- The Washington Times - Sunday, July 2, 2000

Question from Republicans: When will Al Gore, who Bill Clinton called "the most influential vice president in history," reveal to the public what his role was in the security failures of the Clinton-Gore administration?

Jim Nicholson, Republican chairman: What this administration has done and failed to do in the area of national security can only be called dangerously irresponsible.

We have all heard about the latest episode of missing computer hard drives at the Los Alamos labs that contained critical nuclear secrets, the instructions on how to defuse American and Russian nuclear devices. In the wrong hands, those hard drives would allow rogue dictators or terrorists to build bombs we would be powerless to stop.

Unfortunately, these are not the first security failures in key government agencies under the Clinton-Gore administration.

A suspected Communist Chinese spy was allowed to remain in place at Los Alamos for a year and a half after the FBI informed top administration officials that he was suspected of espionage.

The State Department was bugged by Russian spies, who placed a small transmitter in the wall of a conference room close to the secretary's suite and then loitered on the street outside for months, listening to secret conversations.

A former director of Central Intelligence was found to be keeping highly classified documents on a laptop computer he kept at home on a computer he shared with others and often used to log on to the Internet to troll the Web.

The administration switched responsibility for deciding what classified technology could be shared with trade partners from the State Department to the Commerce Department over the objections of State, Defense, Justice and the entire U.S. intelligence community and, as a direct result, the Communist Chinese now have missile targeting technology that will help make the nuclear missiles they've aimed at us that much more deadly.

Ranking Democrat Ike Skelton, at the end of a recent hearing on the pilfering of nuclear secrets at Los Alamos, said to administration officials, "You people are nothing but Keystone Cops."

It's a sad, troubling, and dangerous record. When will Al Gore tell us what his role was in these failures? What, if anything, did he do to try to prevent these destructive lapses in security?

Joe Andrew, Democratic national chairman: Most Americans agree that national security should not be a partisan issue. Jim apparently disagrees.
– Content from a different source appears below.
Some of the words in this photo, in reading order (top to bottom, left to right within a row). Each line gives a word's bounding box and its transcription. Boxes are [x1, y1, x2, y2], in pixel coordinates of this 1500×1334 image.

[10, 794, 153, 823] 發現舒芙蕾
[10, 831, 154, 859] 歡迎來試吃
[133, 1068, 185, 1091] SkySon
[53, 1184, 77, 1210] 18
I agree that any potential security breaches are a serious issue. The way to solve them, however, is not to make reckless, baseless election-year accusations.

National security requires a bipartisan approach. Where was the Republicans' outrage during the Reagan-Bush-Quayle years, when spies like Aldrich Ames and the Walker family walked off with some of our most important secrets and crippled our intelligence gathering operation for years? This Democratic administration took strong and decisive action when charges of international espionage were brought to light.
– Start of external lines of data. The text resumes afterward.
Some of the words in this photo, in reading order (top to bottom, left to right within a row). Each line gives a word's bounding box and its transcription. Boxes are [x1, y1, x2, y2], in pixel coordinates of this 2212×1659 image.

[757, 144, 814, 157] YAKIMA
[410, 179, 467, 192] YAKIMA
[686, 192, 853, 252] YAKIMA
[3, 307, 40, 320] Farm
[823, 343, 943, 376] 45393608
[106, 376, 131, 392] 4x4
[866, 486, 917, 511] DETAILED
This petty, partisan attempt to blame Democrats for everything under the sun is no different from the irresponsible accusations that Gingrich-DeLay-Starr-Specter Republicans have perfected over the last seven years. In fact, the Republican Congress has just created an "advisory committee" on the administration's security record that is primarily made up of advisers to George W. Bush.

Not to mention, it is hard to take Republican outrage seriously when top Republican senators like Mitch McConnell, Kentucky Republican debase these important issues by using them as fodder for partisan campaign fund-raising letters.

Perhaps, what is really at issue, is what the New York Times pointed out this week: Republicans are embarrassed by their "do nothing" reputation in Congress. So, Republicans resort to witch hunts complete with extreme, overblown rhetoric and alarmist language to deflect attention away from the fact they have not acted on Americans' priorities, like passing a real Patients' Bill of Rights, giving seniors an affordable prescription drug plan, strengthening gun safety laws and improving public schools so all children get a first-class education.

Republicans have focused almost exclusively on partisan investigations and accusations for the last several election cycles and voters have noticed. They have voted against Republicans in 1996 and in 1998. The Republicans will lose again if they continue to ignore national priorities in favor of partisan politics.

Jim Nicholson is chairman of the Republican National Committee. Joe Andrew is national chairman of the Democratic National Committee.